絵本のこと、日々の生活のこと、研究のこと、折々に書き留めていきます。OCNから引越しを命ぜられ移り住むこととなりました。

ともだち

2010-12-23 21:29:15 | 絵本

 大学に行く途中、同じ大学の先生と駅でばったりと行き合った。

学科が違うので、お互いに顔見知りという程度なのだが、その日はなぜだか、子どものころの話となった。

家の周りに職人さんがたくさん住んでいたんですとか、秋田のきりたんぽがどうのとか・・・。

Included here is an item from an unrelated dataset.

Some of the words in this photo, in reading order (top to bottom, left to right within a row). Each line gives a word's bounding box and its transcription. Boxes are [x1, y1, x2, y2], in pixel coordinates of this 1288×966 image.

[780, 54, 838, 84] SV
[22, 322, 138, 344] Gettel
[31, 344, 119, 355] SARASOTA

そんな話しをしたのは多分、聞いてくださった先生の雰囲気によるものが大きかったのだろうと思う。

 そのときに盆栽とか庭に置くような飾り石を磨いているおじいさんの話しをした。磨かれた石がとても美しく見えて、暇があればそこに遊びに行っていたことを。そのおじいさんの名前はもう忘れてしまったが、顔はうっすらと覚えている。ちいさい私を邪魔にする様子もなく、ただ一緒の時間を過ごしてくれた。きっと話しもしたのだろうが、もう覚えてはいない。

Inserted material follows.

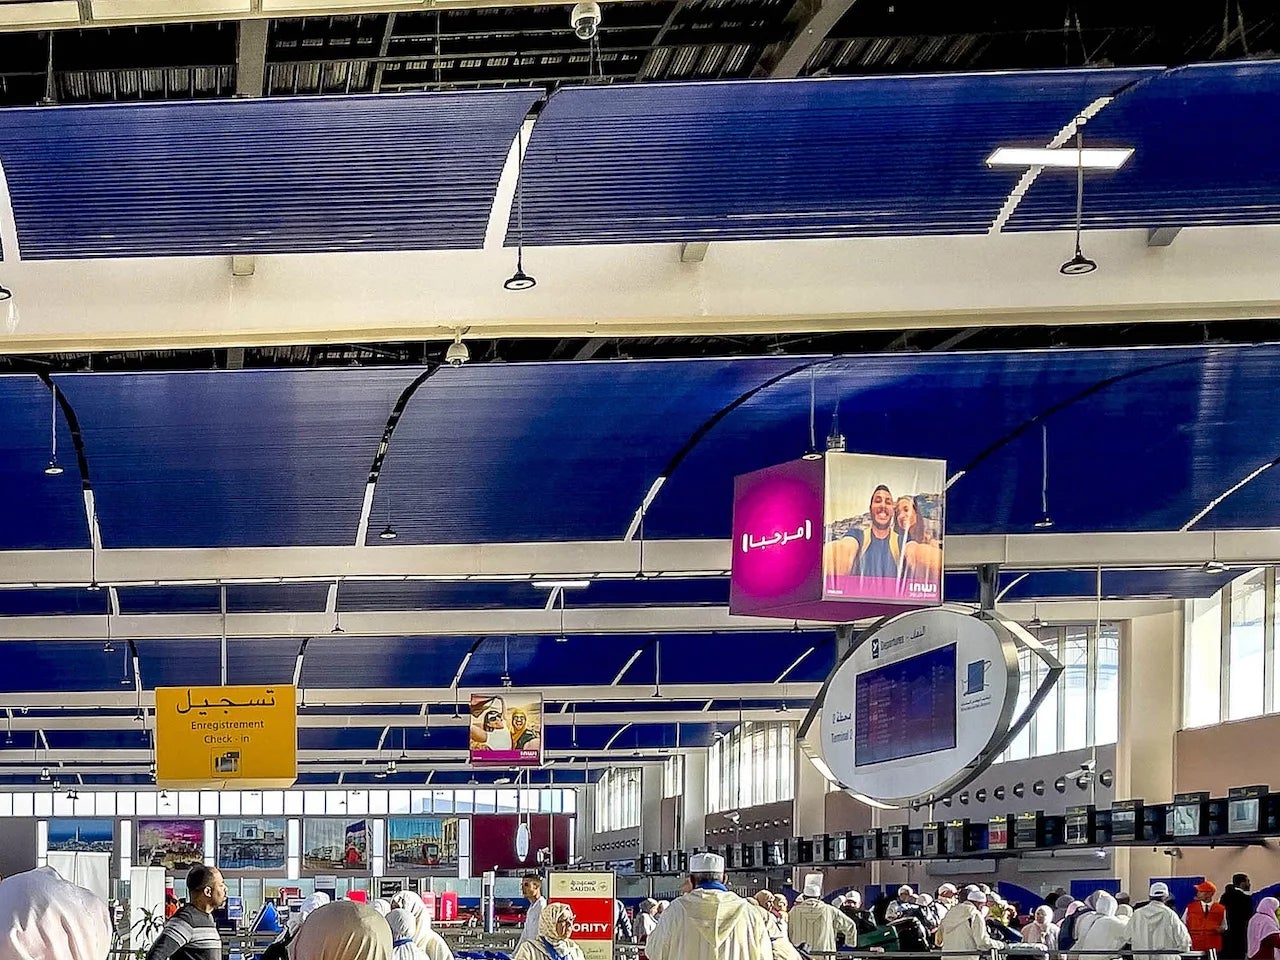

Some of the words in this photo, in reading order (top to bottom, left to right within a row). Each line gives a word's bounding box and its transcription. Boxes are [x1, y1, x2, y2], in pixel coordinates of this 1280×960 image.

そのときに美しいと思った石がなんという種類の石だったのか、時折、大人になって考えることがあった。

 先日、佐渡に行った折に、あの時の石と同じ輝きの石を見つけた。同じ石と断定はできないが、その時に、ああ、佐渡の石だったのかと思った。

おじいさんが削った石のかけらを集めて、家に持って帰っては、水をかけて、石の輝きに魅入っていた自分の姿を、なぜか、今の私は思い描ける。そんなはずはないのである。魅入っている自分の姿を見ることなどできるはずもないのだから・・・・。

記憶とは不思議なものだと思う。

 ところで、大学の同僚の先生と話しをした日から、私は、今まで気づきもしなかったことに気づいた。

それは、私は今、石の彫刻家と生活しているという事実である。

あれ?もしかして私は、石が好きだっただけじゃなかろうかと。主人が磨く、黒御影石の輝き、磨かれた石が雨にぬれて漆黒に輝く様子、美しいと思う。

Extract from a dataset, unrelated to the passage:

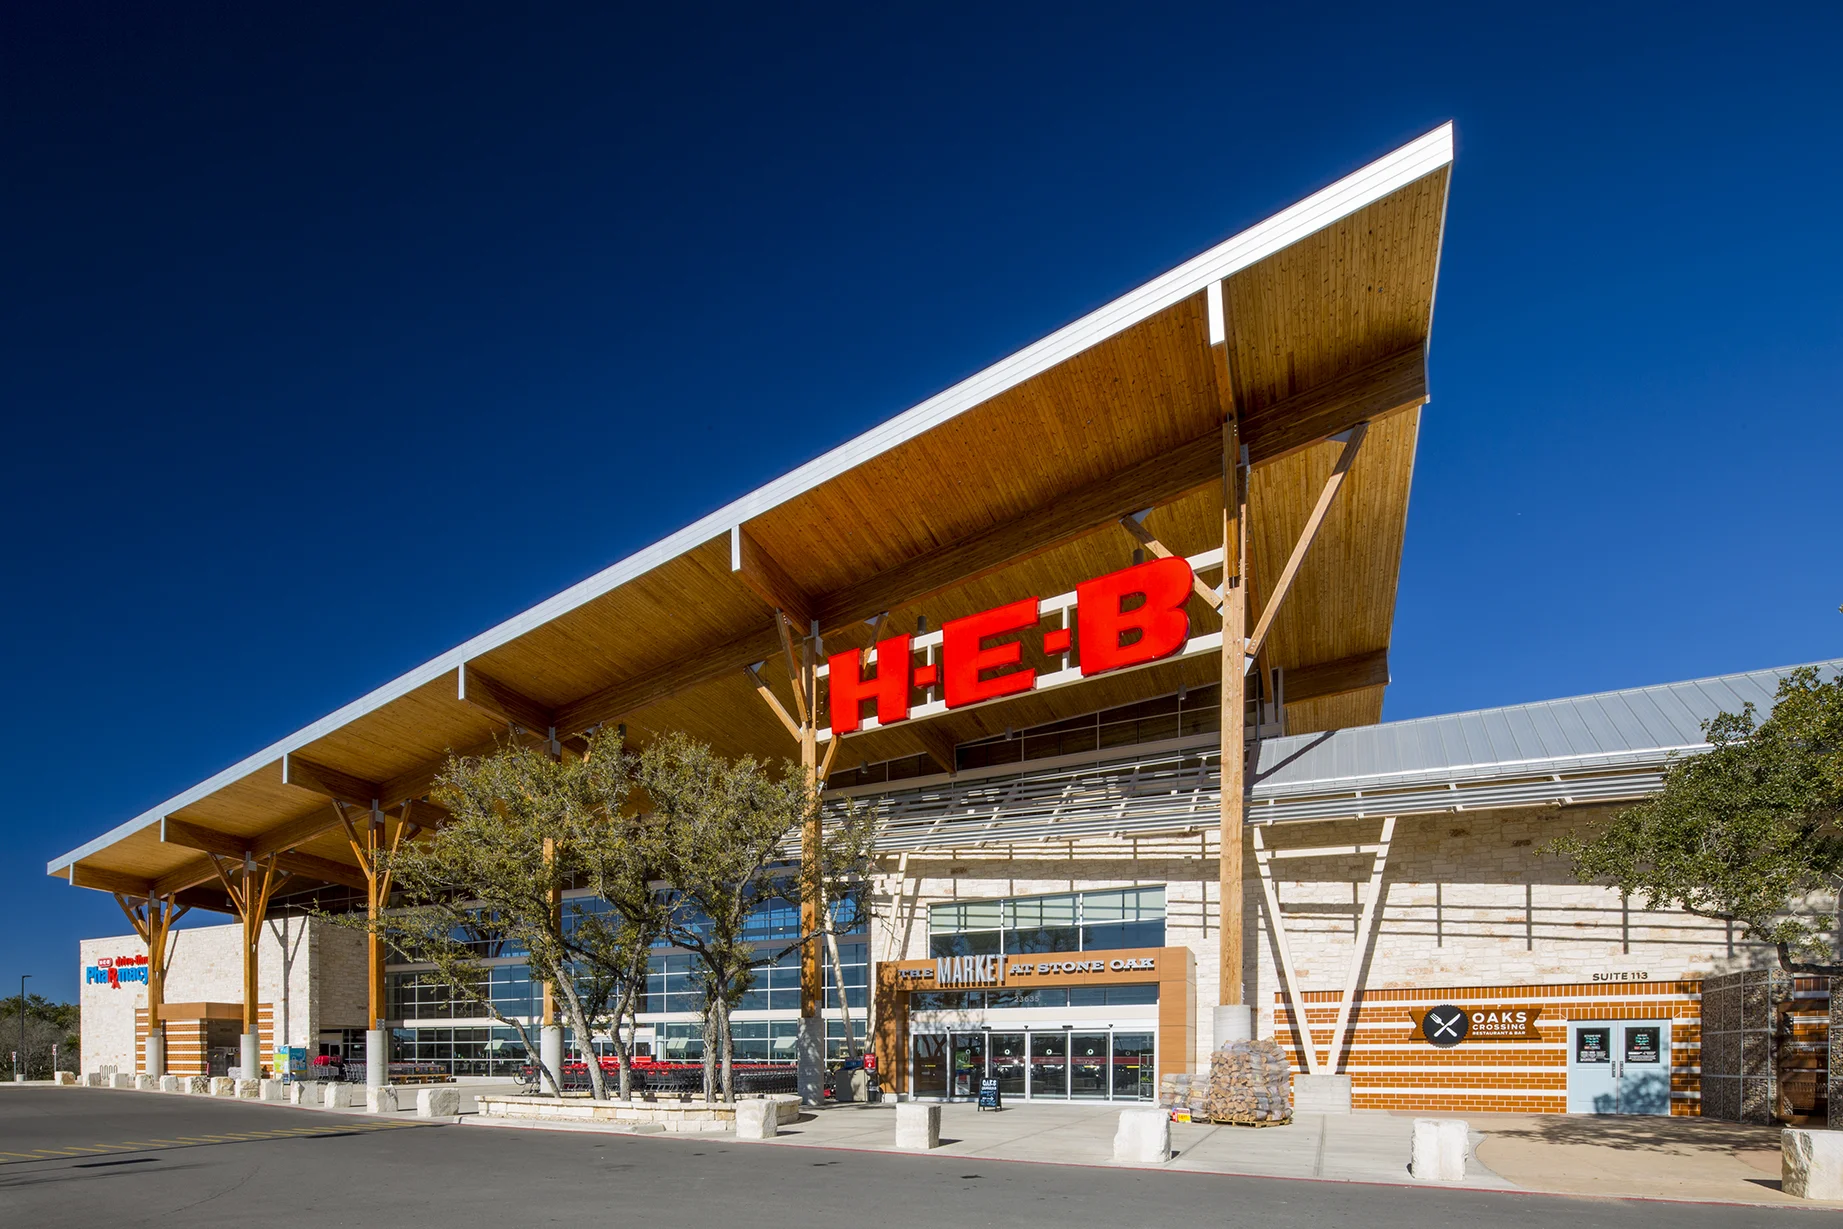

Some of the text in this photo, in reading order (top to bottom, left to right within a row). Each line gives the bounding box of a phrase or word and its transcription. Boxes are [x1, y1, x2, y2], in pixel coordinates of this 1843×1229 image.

ちょっとこれは我ながら、まずい気づきをしてしまったのかも知れない。^^;

 私が、美しいという概念を手に入れたのは、たぶんあの時の水にぬれた石の輝きからだろう。そして、そのときの美しさが、私の中での人が生きるということの美しさと関連しているような気がする。人を欺いて平気な顔をしている人を、たとえその人が大学の教員であろうが、政治家であろうが、何であろうが私はえらいとも美しいとも思えない。私にとって美しいものとは、無心に石を磨く、あのおじいさんのような姿とそこから生み出されたものの範疇にあるのだろう。

ともだち

木坂涼さんの「ともだち」を読みながら、あの時の自分の姿を見る思いがした。懐かしかった。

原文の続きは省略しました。